The initial skin lesion of pityriasis is a pink (rosea) oval patch approximately 3-6 cm in diameter that can develop anywhere on the body, including on plantar skin, although it is most commonly located on the back.[2] This is referred to as the herald patch. The herald patch has a scale (pityriasis) that resembles a collarette toward the periphery. The patch is something of a dermatologic enigma because it does not occur in any other known skin disease. The earliest stages of the patch may manifest as pink papules that can be mistaken for other lesions (eg, insect bites).

A few days later, the initial patch is followed by a rash of similar but smaller lesions. Secondary eruptions appear in crops at intervals of a few days and reach a maximum in about 10 days. The rash typically follows the cleavage lines of the skin, resulting in a Christmas tree–type pattern. The secondary rash is generally distributed on the back, chest, abdomen, arms, and thighs. The rash can last up to 6-8 weeks before fading.

Lesions are typically symmetric and are not preceded by systemic symptoms.

Pruritus appears to be the predominant symptom but can be absent in as many as 25% of cases.

Individuals with dark skin can have a postinflammatory hyperpigmentation that may take a few months to heal. Both hypopigmentation and hyperpigmentation can follow the rash.

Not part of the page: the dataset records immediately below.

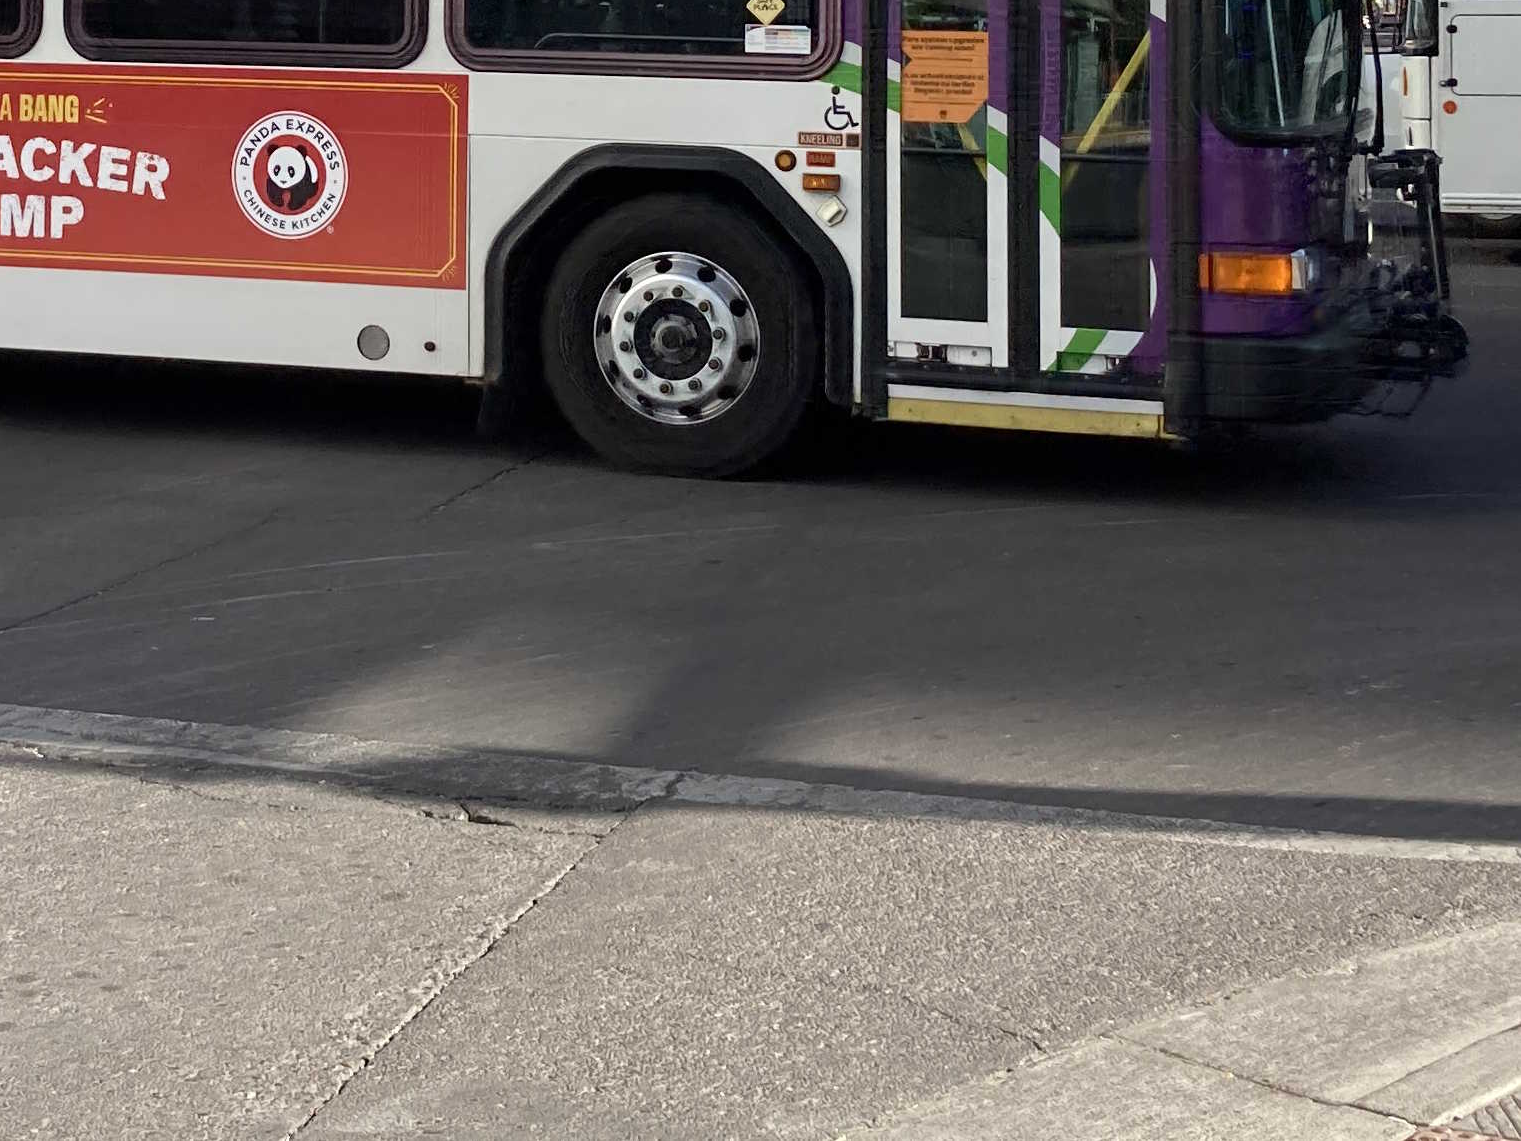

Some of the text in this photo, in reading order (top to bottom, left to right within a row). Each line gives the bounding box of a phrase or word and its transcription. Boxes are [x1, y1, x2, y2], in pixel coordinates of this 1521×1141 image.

[0, 93, 13, 121] A
[19, 94, 79, 123] BANG
[239, 118, 340, 170] PANDA EXPRESS
[800, 133, 841, 145] KNEELING
[244, 189, 336, 230] CHINESE KITCHEN
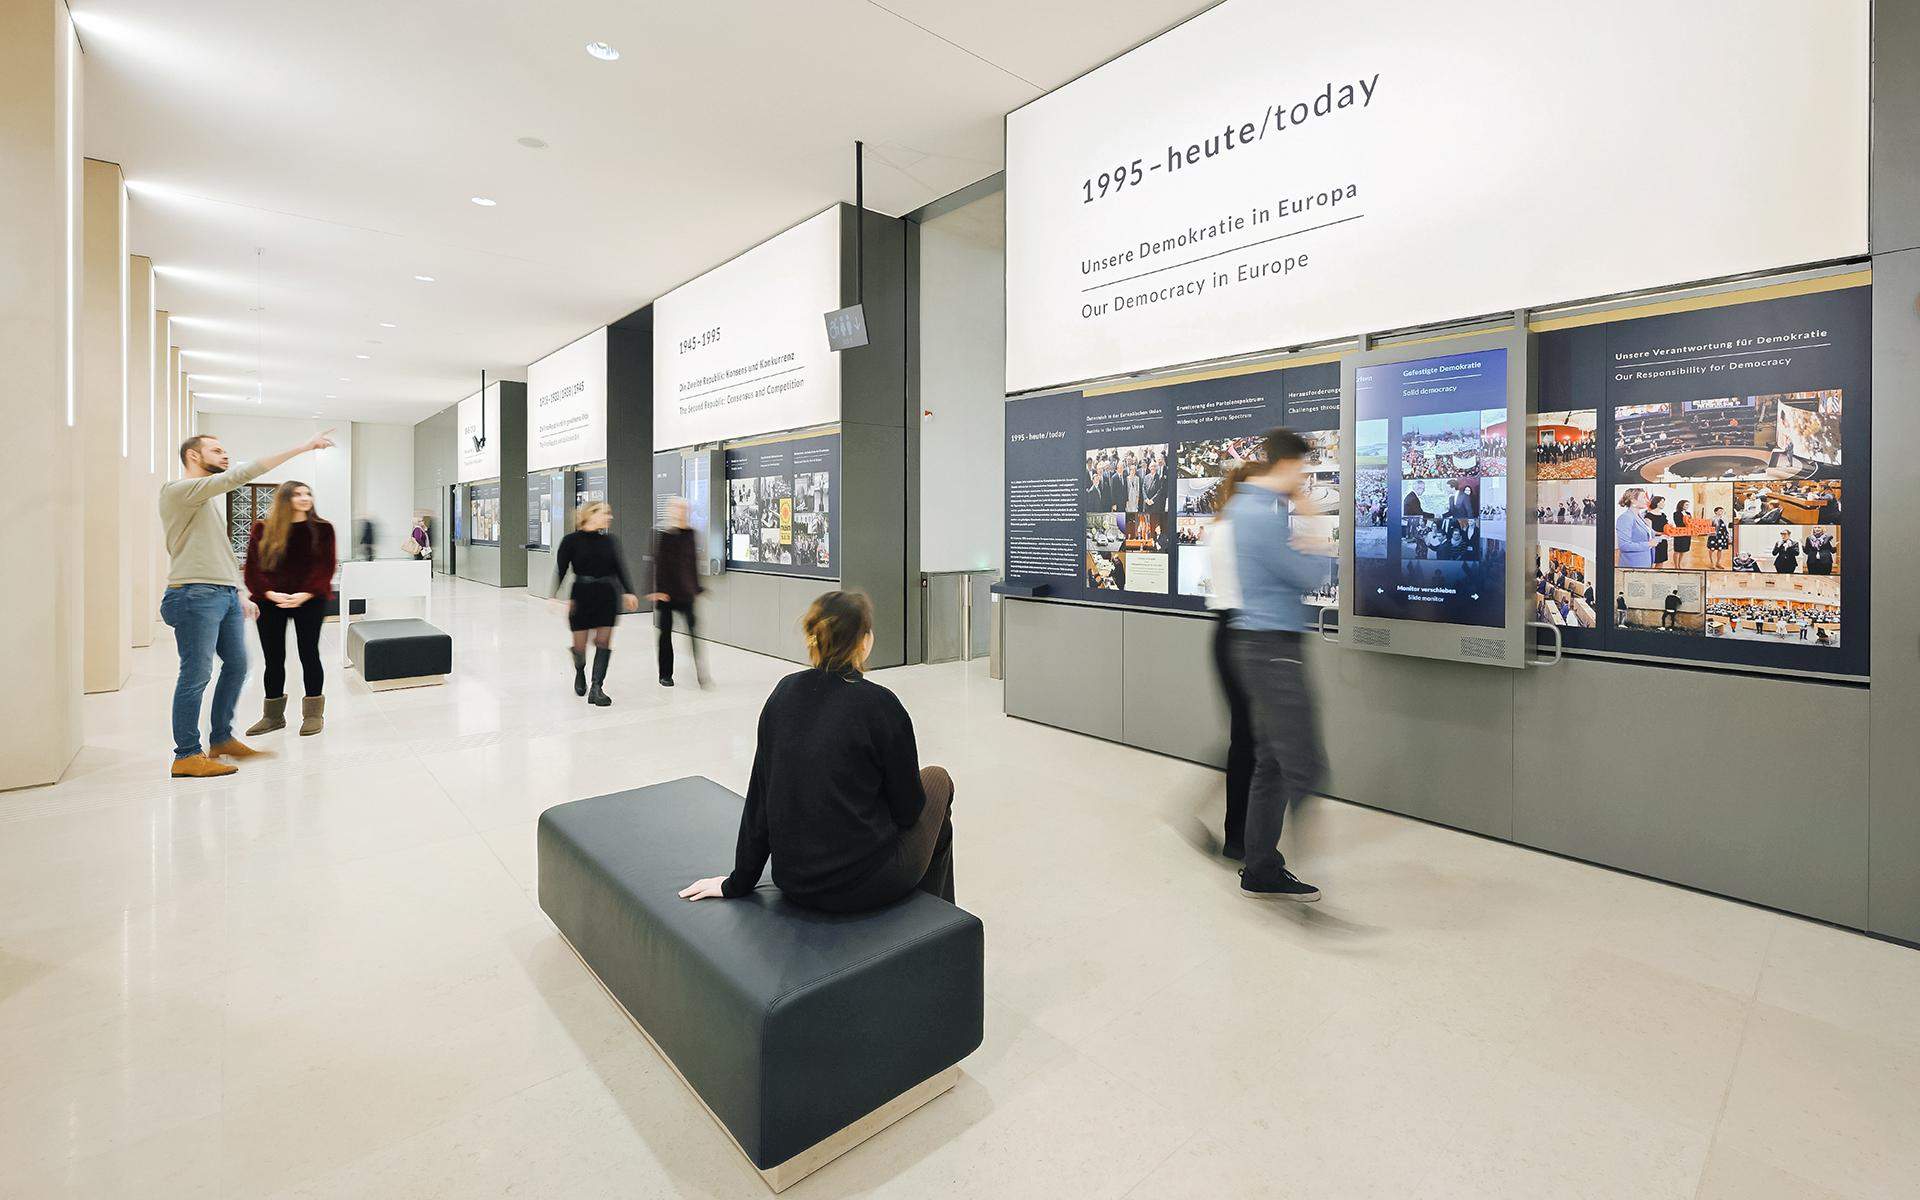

The following atypical features occasionally occur:

  • Herald patch is absent in 10-50% of cases.
  • Skin eruptions may be florid.
  • Lesions may be few, large, and in a particular body region (eg, axilla). In adults, this is known as pityriasis circinata et marginata of Vidal.
  • Rash may be located in areas not usually affected by pityriasis; this is known as inverse pityriasis rosea.
  • Pityriasis may occur in sun-spared areas such as the breast and the axilla.
  • Lesions are sometimes papular, vesicular, or purpuric.
  • Pityriasis rosea may occur along the lines of Blaschko.[3]

Pityriasis rosea of Vidal is a rare variant in which the eruption appears in the axillae and/or groin and the trunk and extremities usually spared.[4] This variant is also known as "limb-girdle pityriasis rosea." Individual patches are 3-6 cm in diameter, with the characteristic central clearing and collarette of scale with surrounding erythema.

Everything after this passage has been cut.